Quelques rares fugitifs parvinrent à entrer dans la ville fortifiée d’Utique, où Caton commandait la réserve des républicains.

Caton, comme beaucoup d’hommes supérieurs en leur temps, craignait tout de César et n’espérait rien de son propre parti. Il restait fidèle à la république, ou plutôt au nom de la république, par devoir et non par illusion. Il était las du monde où sa vertu n’avait plus de place dans la corruption ou dans la lâcheté générale. Si les républicains de Pompée triomphaient, il était décidé à s’exiler lui-même pour n’être pas témoin de leurs dissensions et de leurs vengeances ; si César était vainqueur, il était décidé à mourir pour ne pas plier sous la fortune du coupable. Son âme, fortifiée par une philosophie stoïque, était incompatible avec la corruption de la république, comme avec la tyrannie de son destructeur. On peut croire que ce ne fut pas pour lui une douloureuse nécessité que celle de mourir. Il était de ces hommes sans alliage qui semblent toujours vivre à contre-temps, parce qu’ils ne savent se conformer à aucun temps, excepté à des temps chimériques. Hommes admirables de savoir mourir, plus admirables et plus véritablement vertueux s’ils savaient vivre !

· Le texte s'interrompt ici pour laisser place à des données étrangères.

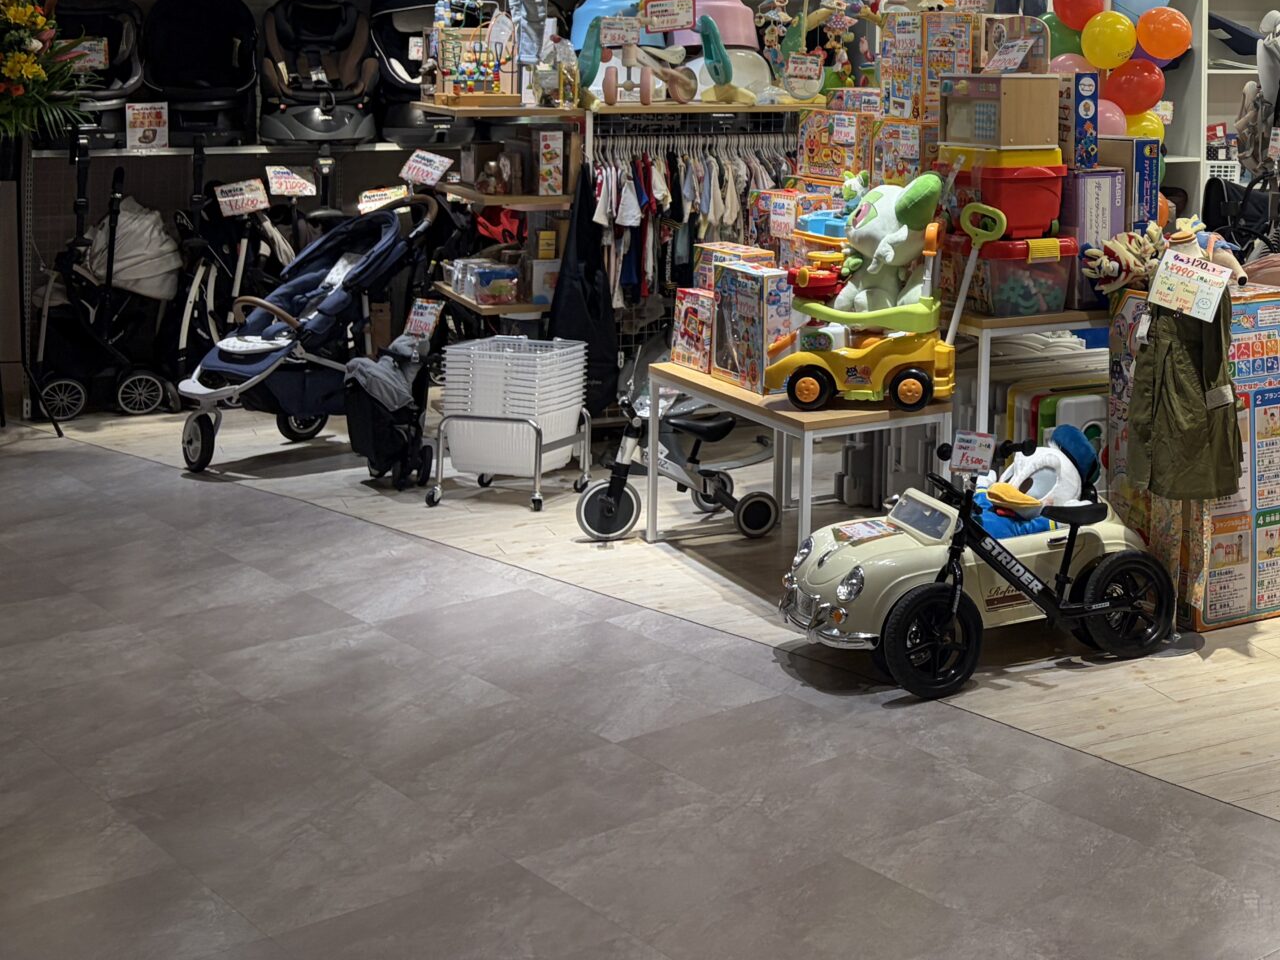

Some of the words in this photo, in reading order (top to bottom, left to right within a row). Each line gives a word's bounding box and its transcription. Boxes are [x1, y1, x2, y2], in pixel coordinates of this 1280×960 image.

[1094, 180, 1103, 244] 光ナビゲーションキー
[1115, 175, 1123, 207] CASIO
[981, 536, 1045, 595] STRIDER
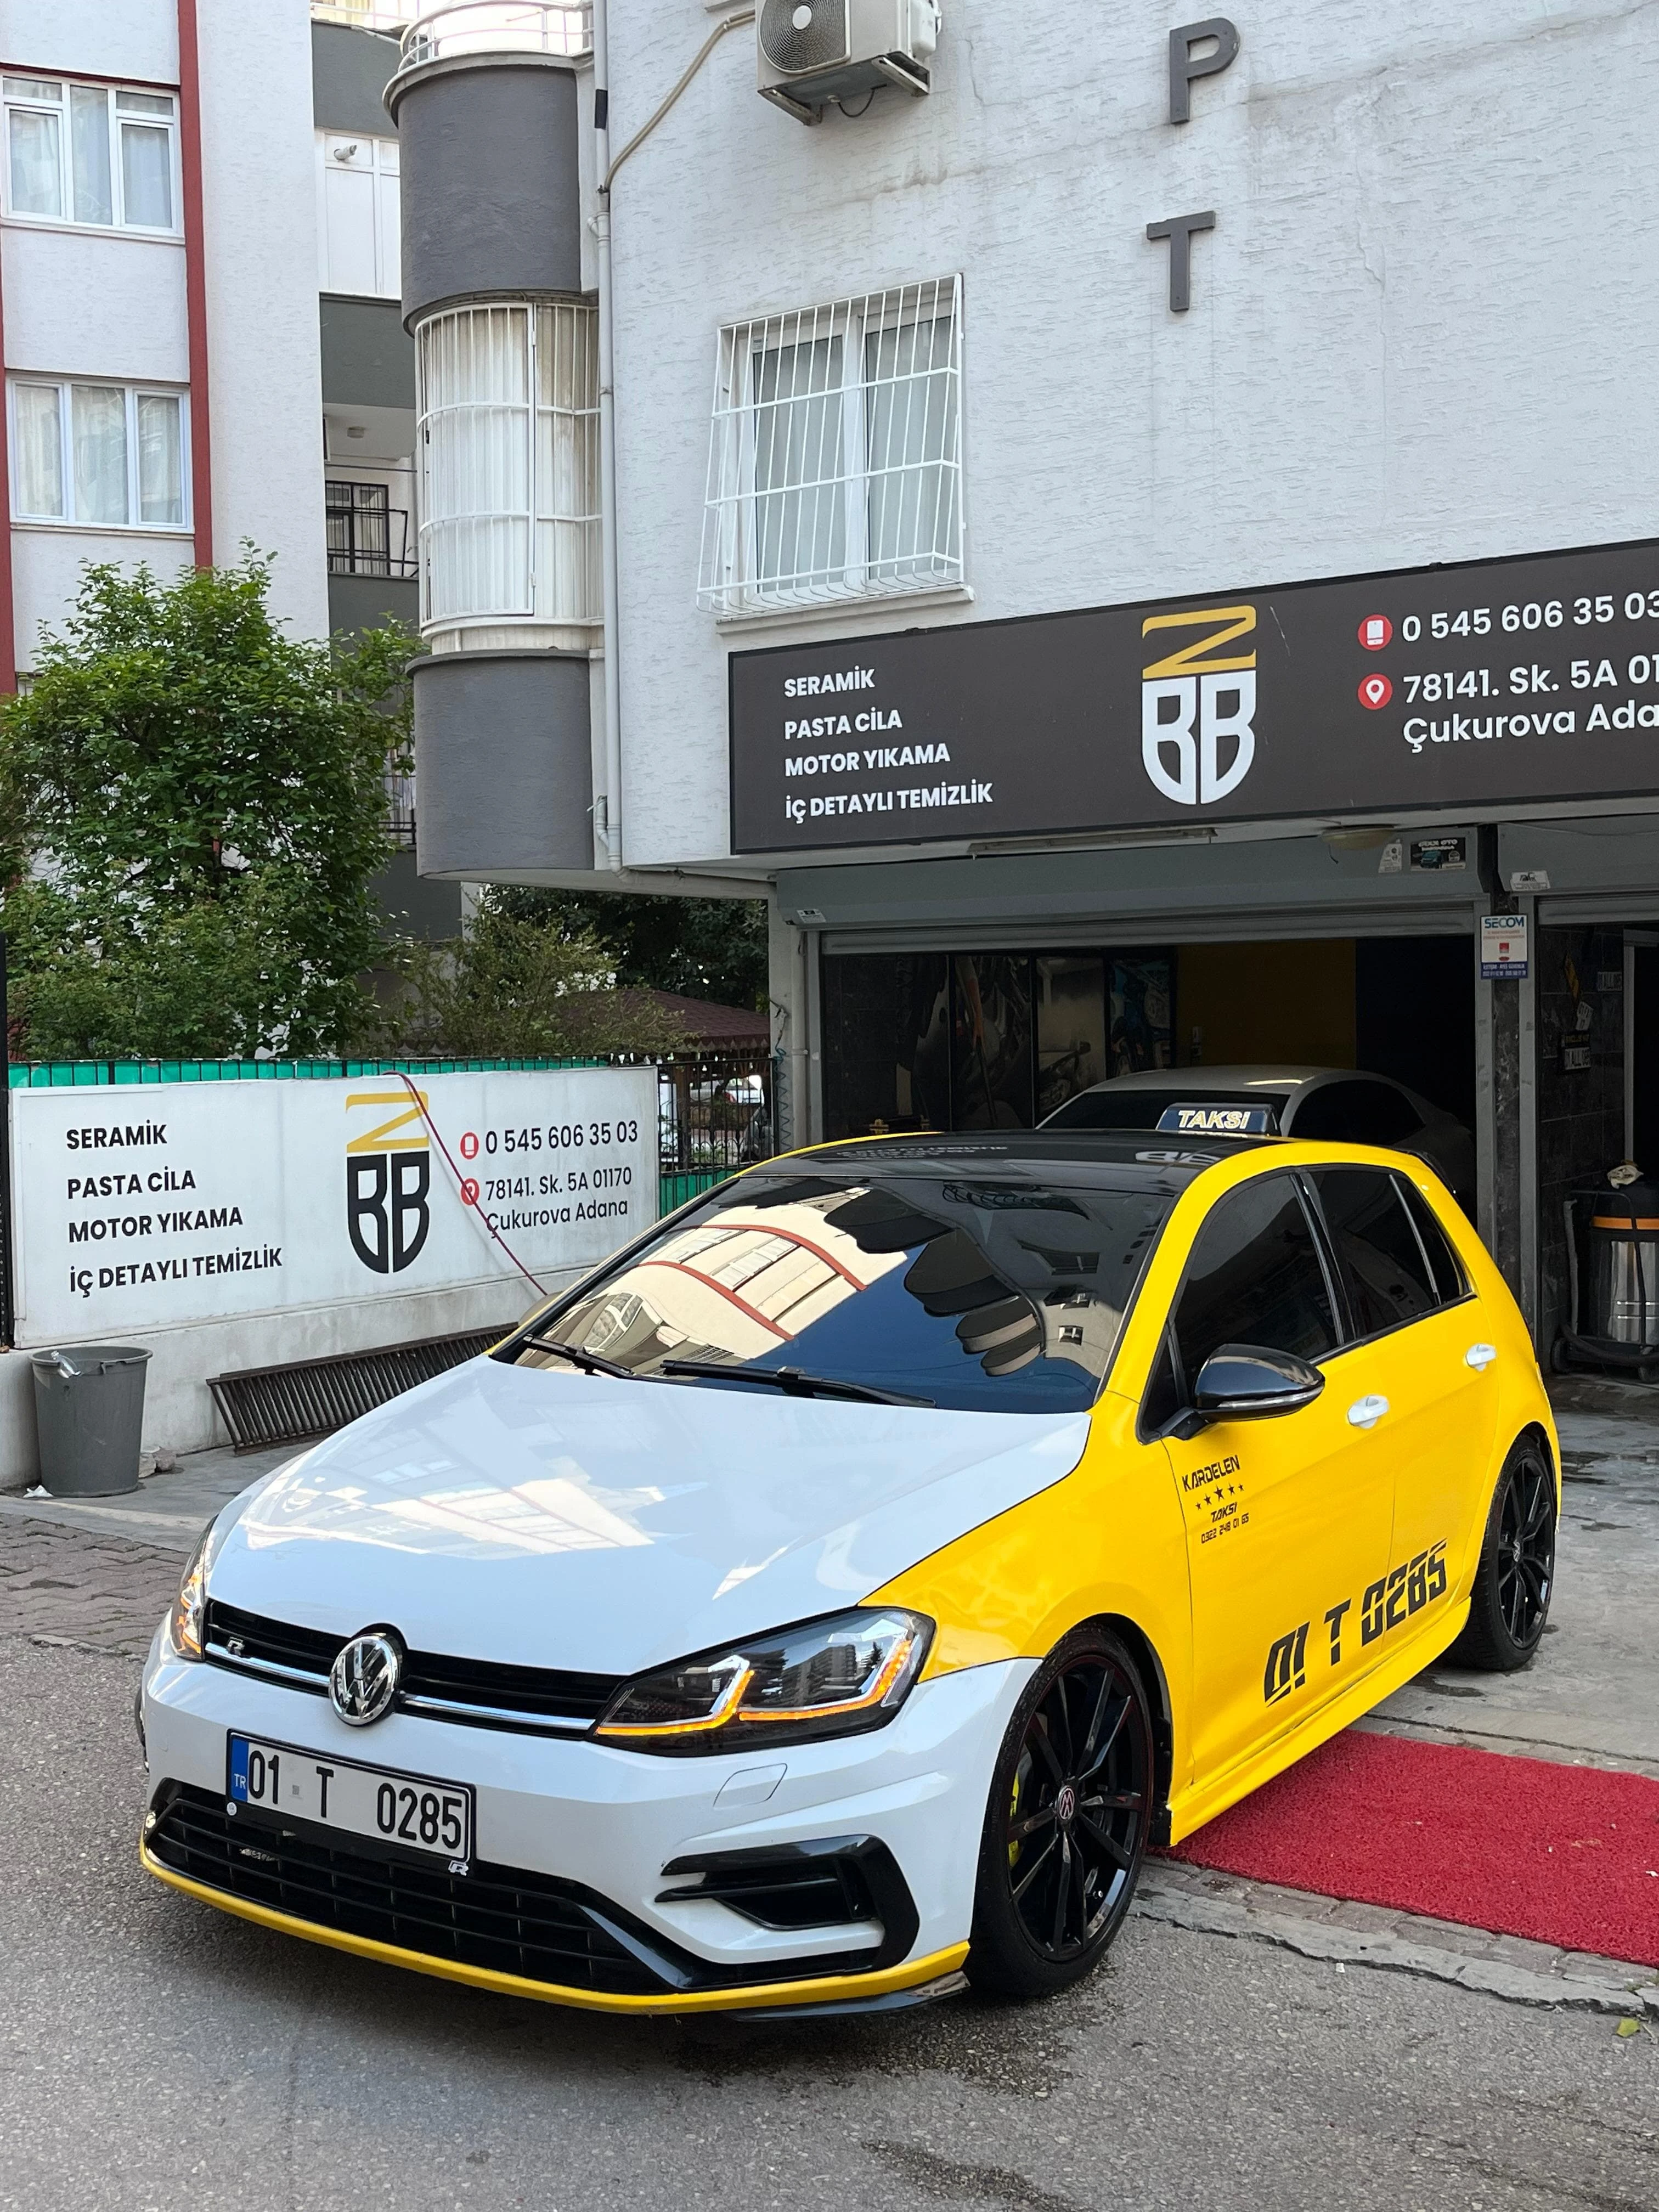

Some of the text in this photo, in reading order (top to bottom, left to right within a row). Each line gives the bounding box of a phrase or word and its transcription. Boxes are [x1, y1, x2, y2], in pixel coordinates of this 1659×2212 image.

Il faut lire sa mort pour bien connaître Caton et pour bien mesurer le crime de César, condamnant de tels hommes à s’avilir ou à mourir. L’histoire ne nous a laissé manquer d’aucune information sur les dernières heures d’Utique et sur le dernier soupir de Caton ; car Caton a eu ce bonheur de personnifier, dans son agonie, l’agonie de la république.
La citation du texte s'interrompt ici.